Sonic booms in nerves and lipid membranes

(Phys.org)—Neurons might not be able to send signals as fast as electrons in wires or photons in fiber, but what if they can communicate using miniature sonic booms? That would be quite a revolutionary discovery. A group of mechanical engineers at Boston University have recently found that two-dimensional shock waves reminiscent of propagating spikes in nerves can be induced in monolayer lipid membranes. Their fascinating results, which have been sitting on the Arxiv server since November, have just been approved for publication in an upcoming issue of Physical Review E.

The idea that action potentials in neurons are acoustic pressure pulses has gained a lot of experimental support. Shamit Shrivastava and Matthias Schneider were previously able to directly observe solitary waves in membranes using an optical technique known as fluorescence resonance energy transfer, or FRET. Following that, Thomas Heimburg's group demonstrated that counter-propagating action potentials don't annhilate in nerves in they way they would be expected to if they were purely electrical spikes possessing refractory periods and channel inactivation. In work that is largely complimentary to these shock studies, Heimburg has shown that the pulses survive collision and continue to travel in their opposite directions.

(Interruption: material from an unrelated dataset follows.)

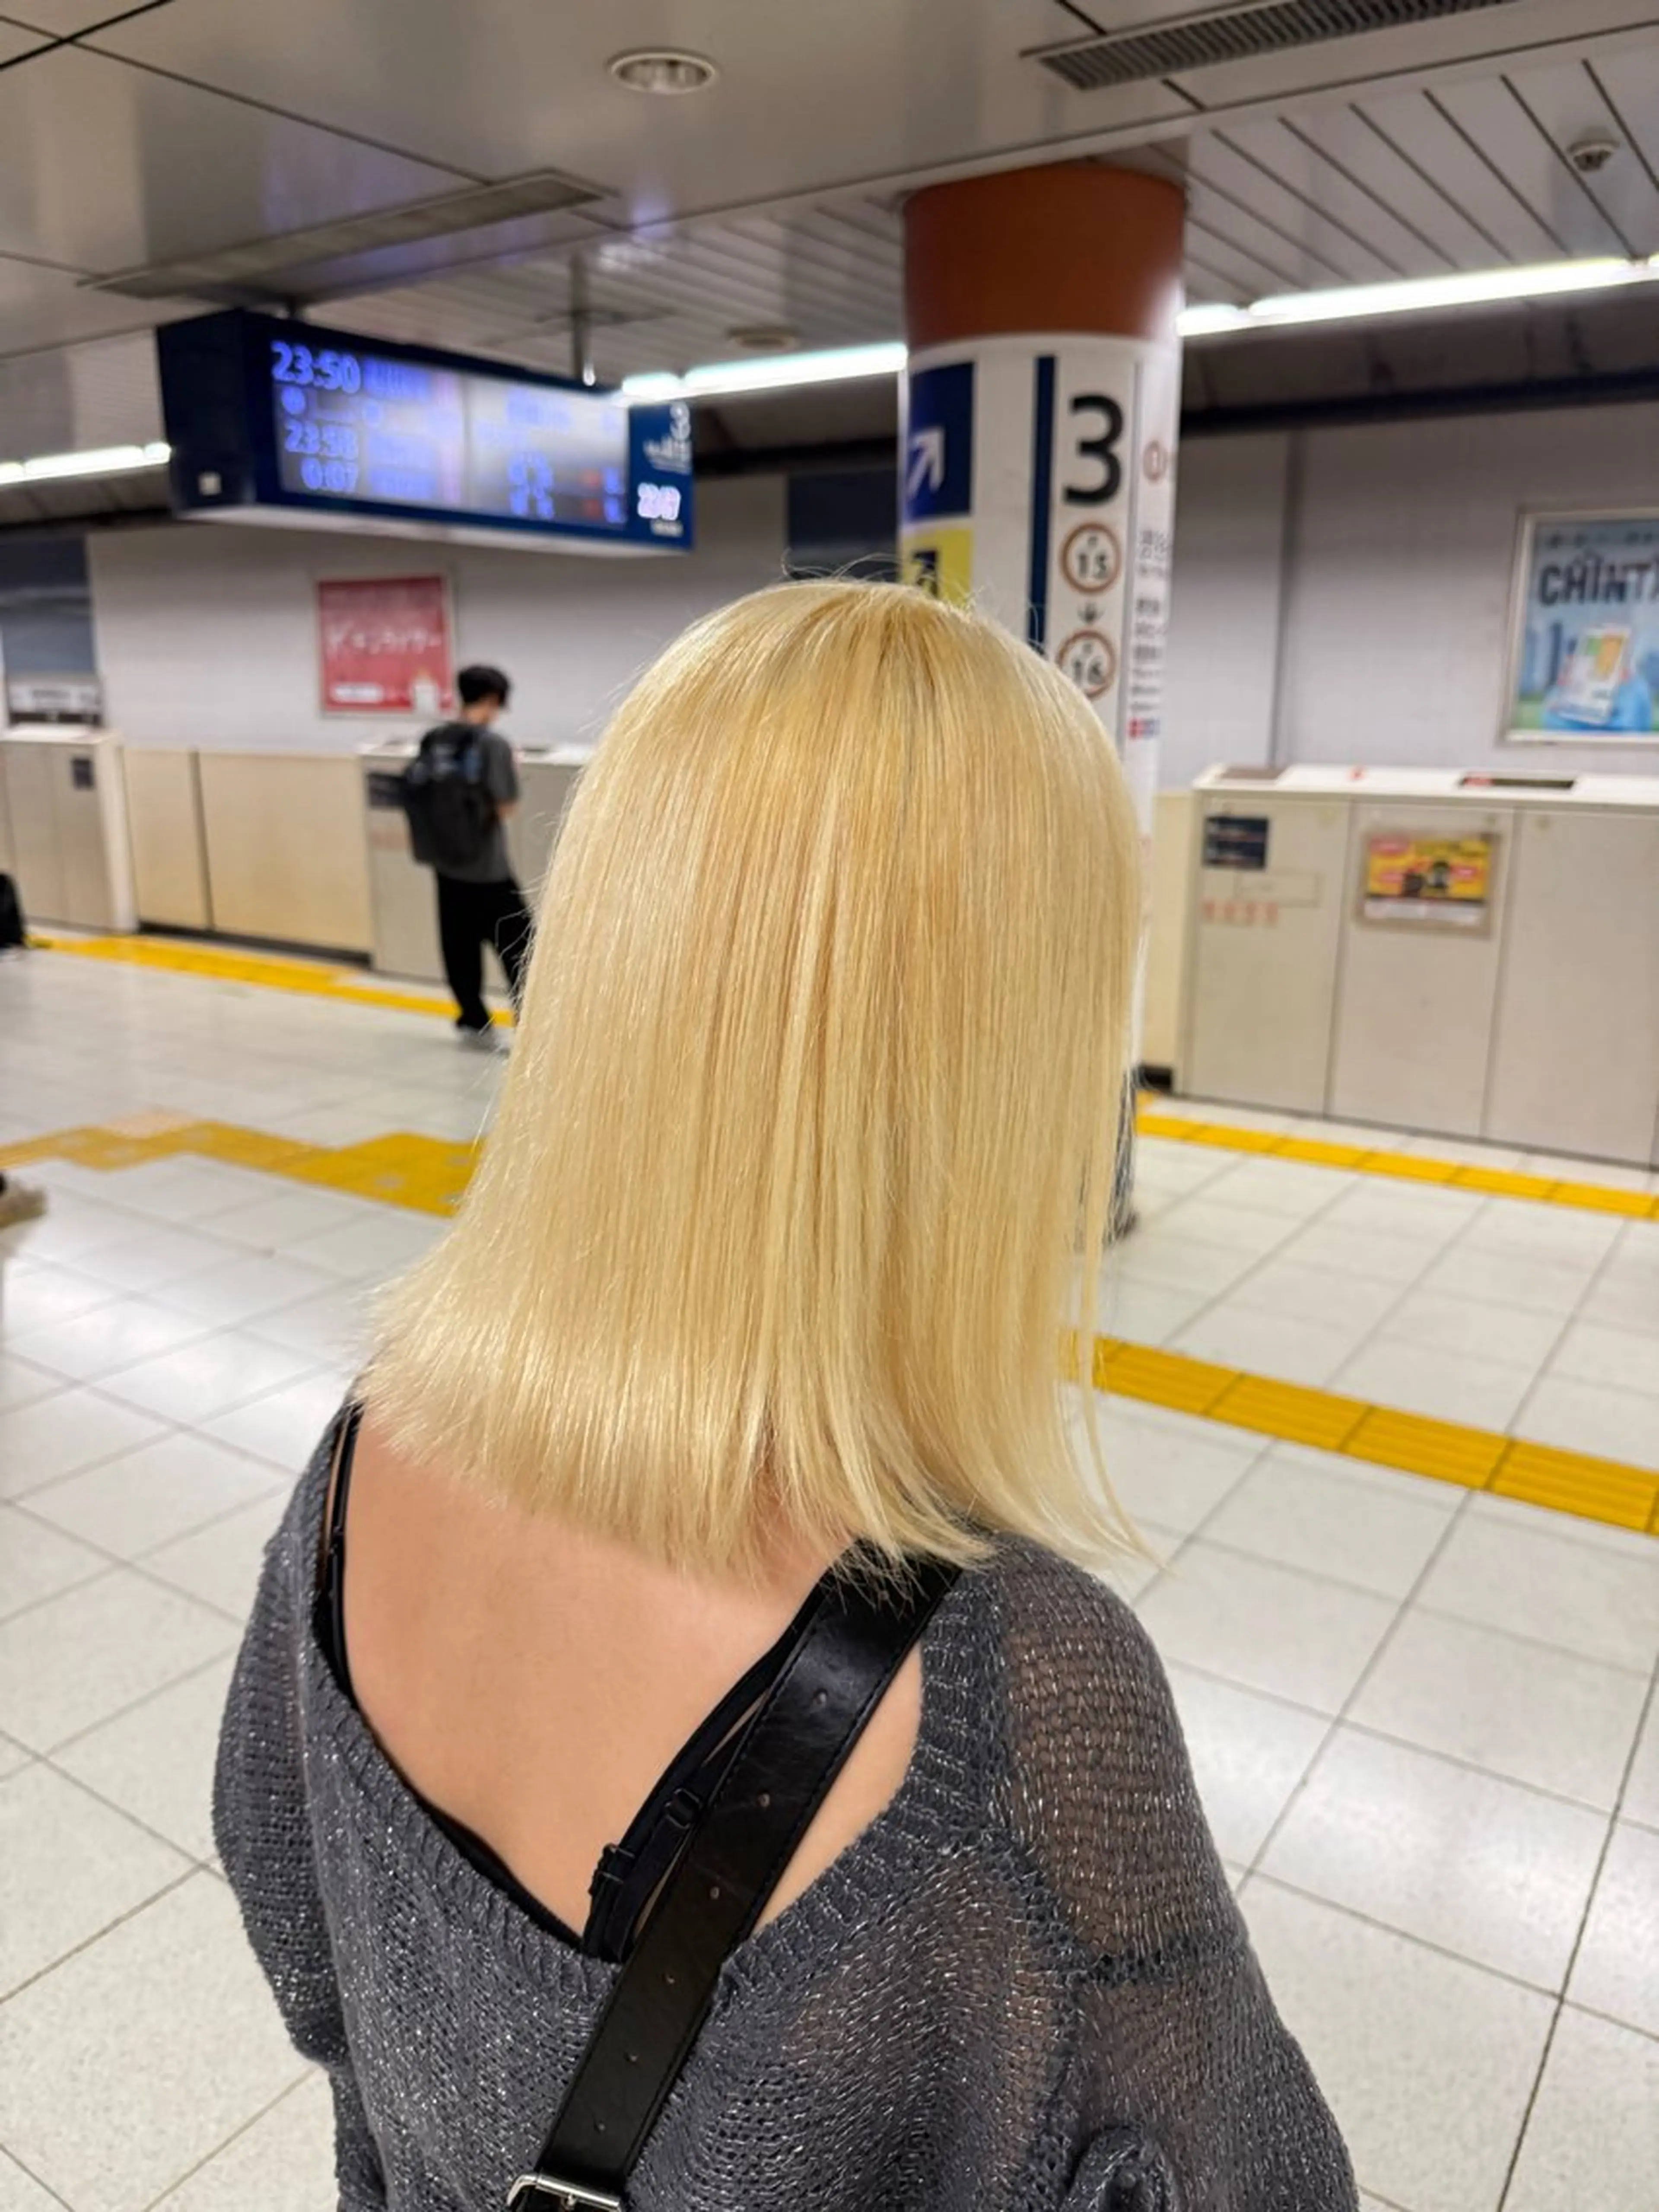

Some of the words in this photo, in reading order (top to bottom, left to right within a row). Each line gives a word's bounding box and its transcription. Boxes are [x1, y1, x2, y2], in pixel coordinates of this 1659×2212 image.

Although solitary waves and compressive shock waves (and for that matter expansive ones too) are not mutually exculsive, shock waves generally differ in that their energy quickly dissipates with distance. A unique feature of a shock disturbance is it can travel significantly faster than an ordinary wave in a given media. To demonstrate that these effects exist in lipid monolayers, Shrivastava and Schneider (together with Kevin Heeyong Kang) varied the amplitude of the shock compression and measured the velocity of the propagating wave in a special setup known as Langmuir trough. They report a relationship between interface pressure and density under adiabatic conditions—conditions where there is no heat exchange—which yields an adiabatic state diagram.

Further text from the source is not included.